Nothing in the records should be altered; retype them all exactly.

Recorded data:
"""

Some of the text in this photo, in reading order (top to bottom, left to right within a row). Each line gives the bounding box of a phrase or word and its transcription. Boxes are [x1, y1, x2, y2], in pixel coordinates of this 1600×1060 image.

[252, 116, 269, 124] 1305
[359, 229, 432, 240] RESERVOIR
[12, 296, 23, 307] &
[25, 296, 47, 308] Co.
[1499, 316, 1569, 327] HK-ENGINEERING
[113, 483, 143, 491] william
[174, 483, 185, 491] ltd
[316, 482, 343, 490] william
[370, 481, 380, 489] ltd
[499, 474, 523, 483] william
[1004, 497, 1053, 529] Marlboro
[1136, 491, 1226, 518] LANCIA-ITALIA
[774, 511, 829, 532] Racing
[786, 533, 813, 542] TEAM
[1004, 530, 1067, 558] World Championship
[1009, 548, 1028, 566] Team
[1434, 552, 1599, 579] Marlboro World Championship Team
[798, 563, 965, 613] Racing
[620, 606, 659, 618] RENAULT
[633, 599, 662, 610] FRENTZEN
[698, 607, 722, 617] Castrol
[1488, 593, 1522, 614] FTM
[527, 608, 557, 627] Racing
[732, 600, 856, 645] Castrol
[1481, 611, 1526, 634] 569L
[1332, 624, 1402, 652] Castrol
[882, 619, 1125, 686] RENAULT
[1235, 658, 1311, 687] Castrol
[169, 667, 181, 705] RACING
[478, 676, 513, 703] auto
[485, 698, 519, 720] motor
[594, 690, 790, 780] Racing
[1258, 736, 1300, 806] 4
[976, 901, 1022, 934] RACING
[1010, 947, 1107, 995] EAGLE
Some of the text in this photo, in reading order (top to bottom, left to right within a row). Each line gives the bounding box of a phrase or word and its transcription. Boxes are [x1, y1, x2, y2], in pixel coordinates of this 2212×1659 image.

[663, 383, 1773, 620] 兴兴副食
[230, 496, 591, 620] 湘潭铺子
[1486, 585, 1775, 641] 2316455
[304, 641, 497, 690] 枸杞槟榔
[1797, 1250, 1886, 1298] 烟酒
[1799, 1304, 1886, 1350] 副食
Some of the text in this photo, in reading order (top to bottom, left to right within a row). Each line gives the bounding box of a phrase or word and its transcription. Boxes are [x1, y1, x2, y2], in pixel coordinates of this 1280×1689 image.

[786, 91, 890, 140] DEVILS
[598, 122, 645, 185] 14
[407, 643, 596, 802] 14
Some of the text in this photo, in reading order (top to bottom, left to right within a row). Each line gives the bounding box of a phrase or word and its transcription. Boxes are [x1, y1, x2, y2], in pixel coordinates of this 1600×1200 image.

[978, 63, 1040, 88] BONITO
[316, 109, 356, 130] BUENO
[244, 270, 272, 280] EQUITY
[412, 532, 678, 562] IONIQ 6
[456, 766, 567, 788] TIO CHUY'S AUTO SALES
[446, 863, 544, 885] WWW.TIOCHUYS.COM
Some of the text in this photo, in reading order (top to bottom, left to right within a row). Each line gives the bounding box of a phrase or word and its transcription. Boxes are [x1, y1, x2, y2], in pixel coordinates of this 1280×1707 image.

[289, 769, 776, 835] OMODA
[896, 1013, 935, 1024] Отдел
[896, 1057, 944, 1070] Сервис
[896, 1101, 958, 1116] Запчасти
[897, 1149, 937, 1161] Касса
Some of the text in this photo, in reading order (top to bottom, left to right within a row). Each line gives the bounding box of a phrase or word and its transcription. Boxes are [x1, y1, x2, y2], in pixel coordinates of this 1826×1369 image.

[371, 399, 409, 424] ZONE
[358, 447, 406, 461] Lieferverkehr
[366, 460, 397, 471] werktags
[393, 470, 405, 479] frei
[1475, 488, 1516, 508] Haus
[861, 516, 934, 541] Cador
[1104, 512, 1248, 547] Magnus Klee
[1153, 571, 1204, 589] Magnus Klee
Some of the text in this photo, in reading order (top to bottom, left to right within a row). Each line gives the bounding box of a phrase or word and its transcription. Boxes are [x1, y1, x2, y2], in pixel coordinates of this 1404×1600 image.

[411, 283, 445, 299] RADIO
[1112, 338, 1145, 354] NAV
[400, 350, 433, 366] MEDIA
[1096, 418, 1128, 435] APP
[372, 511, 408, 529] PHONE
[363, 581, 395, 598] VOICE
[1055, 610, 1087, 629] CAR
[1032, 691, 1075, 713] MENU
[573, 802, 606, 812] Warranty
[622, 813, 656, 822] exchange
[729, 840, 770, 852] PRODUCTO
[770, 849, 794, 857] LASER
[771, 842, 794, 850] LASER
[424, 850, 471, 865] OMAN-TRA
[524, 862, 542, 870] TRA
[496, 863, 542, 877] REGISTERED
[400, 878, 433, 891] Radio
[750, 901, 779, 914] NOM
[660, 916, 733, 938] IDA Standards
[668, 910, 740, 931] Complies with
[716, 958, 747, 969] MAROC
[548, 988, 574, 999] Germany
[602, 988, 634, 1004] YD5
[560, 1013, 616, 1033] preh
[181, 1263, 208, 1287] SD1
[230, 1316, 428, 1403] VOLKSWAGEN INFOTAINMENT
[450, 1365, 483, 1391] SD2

"""

→ Solution to this exercise:
Some of the text in this photo, in reading order (top to bottom, left to right within a row). Each line gives the bounding box of a phrase or word and its transcription. Boxes are [x1, y1, x2, y2], in pixel coordinates of this 1600×1060 image.

[252, 116, 269, 124] 1305
[359, 229, 432, 240] RESERVOIR
[12, 296, 23, 307] &
[25, 296, 47, 308] Co.
[1499, 316, 1569, 327] HK-ENGINEERING
[113, 483, 143, 491] william
[174, 483, 185, 491] ltd
[316, 482, 343, 490] william
[370, 481, 380, 489] ltd
[499, 474, 523, 483] william
[1004, 497, 1053, 529] Marlboro
[1136, 491, 1226, 518] LANCIA-ITALIA
[774, 511, 829, 532] Racing
[786, 533, 813, 542] TEAM
[1004, 530, 1067, 558] World Championship
[1009, 548, 1028, 566] Team
[1434, 552, 1599, 579] Marlboro World Championship Team
[798, 563, 965, 613] Racing
[620, 606, 659, 618] RENAULT
[633, 599, 662, 610] FRENTZEN
[698, 607, 722, 617] Castrol
[1488, 593, 1522, 614] FTM
[527, 608, 557, 627] Racing
[732, 600, 856, 645] Castrol
[1481, 611, 1526, 634] 569L
[1332, 624, 1402, 652] Castrol
[882, 619, 1125, 686] RENAULT
[1235, 658, 1311, 687] Castrol
[169, 667, 181, 705] RACING
[478, 676, 513, 703] auto
[485, 698, 519, 720] motor
[594, 690, 790, 780] Racing
[1258, 736, 1300, 806] 4
[976, 901, 1022, 934] RACING
[1010, 947, 1107, 995] EAGLE
Some of the text in this photo, in reading order (top to bottom, left to right within a row). Each line gives the bounding box of a phrase or word and its transcription. Boxes are [x1, y1, x2, y2], in pixel coordinates of this 2212×1659 image.

[663, 383, 1773, 620] 兴兴副食
[230, 496, 591, 620] 湘潭铺子
[1486, 585, 1775, 641] 2316455
[304, 641, 497, 690] 枸杞槟榔
[1797, 1250, 1886, 1298] 烟酒
[1799, 1304, 1886, 1350] 副食
Some of the text in this photo, in reading order (top to bottom, left to right within a row). Each line gives the bounding box of a phrase or word and its transcription. Boxes are [x1, y1, x2, y2], in pixel coordinates of this 1280×1689 image.

[786, 91, 890, 140] DEVILS
[598, 122, 645, 185] 14
[407, 643, 596, 802] 14
Some of the text in this photo, in reading order (top to bottom, left to right within a row). Each line gives the bounding box of a phrase or word and its transcription. Boxes are [x1, y1, x2, y2], in pixel coordinates of this 1600×1200 image.

[978, 63, 1040, 88] BONITO
[316, 109, 356, 130] BUENO
[244, 270, 272, 280] EQUITY
[412, 532, 678, 562] IONIQ 6
[456, 766, 567, 788] TIO CHUY'S AUTO SALES
[446, 863, 544, 885] WWW.TIOCHUYS.COM
Some of the text in this photo, in reading order (top to bottom, left to right within a row). Each line gives the bounding box of a phrase or word and its transcription. Boxes are [x1, y1, x2, y2], in pixel coordinates of this 1280×1707 image.

[289, 769, 776, 835] OMODA
[896, 1013, 935, 1024] Отдел
[896, 1057, 944, 1070] Сервис
[896, 1101, 958, 1116] Запчасти
[897, 1149, 937, 1161] Касса
Some of the text in this photo, in reading order (top to bottom, left to right within a row). Each line gives the bounding box of a phrase or word and its transcription. Boxes are [x1, y1, x2, y2], in pixel coordinates of this 1826×1369 image.

[371, 399, 409, 424] ZONE
[358, 447, 406, 461] Lieferverkehr
[366, 460, 397, 471] werktags
[393, 470, 405, 479] frei
[1475, 488, 1516, 508] Haus
[861, 516, 934, 541] Cador
[1104, 512, 1248, 547] Magnus Klee
[1153, 571, 1204, 589] Magnus Klee
Some of the text in this photo, in reading order (top to bottom, left to right within a row). Each line gives the bounding box of a phrase or word and its transcription. Boxes are [x1, y1, x2, y2], in pixel coordinates of this 1404×1600 image.

[411, 283, 445, 299] RADIO
[1112, 338, 1145, 354] NAV
[400, 350, 433, 366] MEDIA
[1096, 418, 1128, 435] APP
[372, 511, 408, 529] PHONE
[363, 581, 395, 598] VOICE
[1055, 610, 1087, 629] CAR
[1032, 691, 1075, 713] MENU
[573, 802, 606, 812] Warranty
[622, 813, 656, 822] exchange
[729, 840, 770, 852] PRODUCTO
[770, 849, 794, 857] LASER
[771, 842, 794, 850] LASER
[424, 850, 471, 865] OMAN-TRA
[524, 862, 542, 870] TRA
[496, 863, 542, 877] REGISTERED
[400, 878, 433, 891] Radio
[750, 901, 779, 914] NOM
[660, 916, 733, 938] IDA Standards
[668, 910, 740, 931] Complies with
[716, 958, 747, 969] MAROC
[548, 988, 574, 999] Germany
[602, 988, 634, 1004] YD5
[560, 1013, 616, 1033] preh
[181, 1263, 208, 1287] SD1
[230, 1316, 428, 1403] VOLKSWAGEN INFOTAINMENT
[450, 1365, 483, 1391] SD2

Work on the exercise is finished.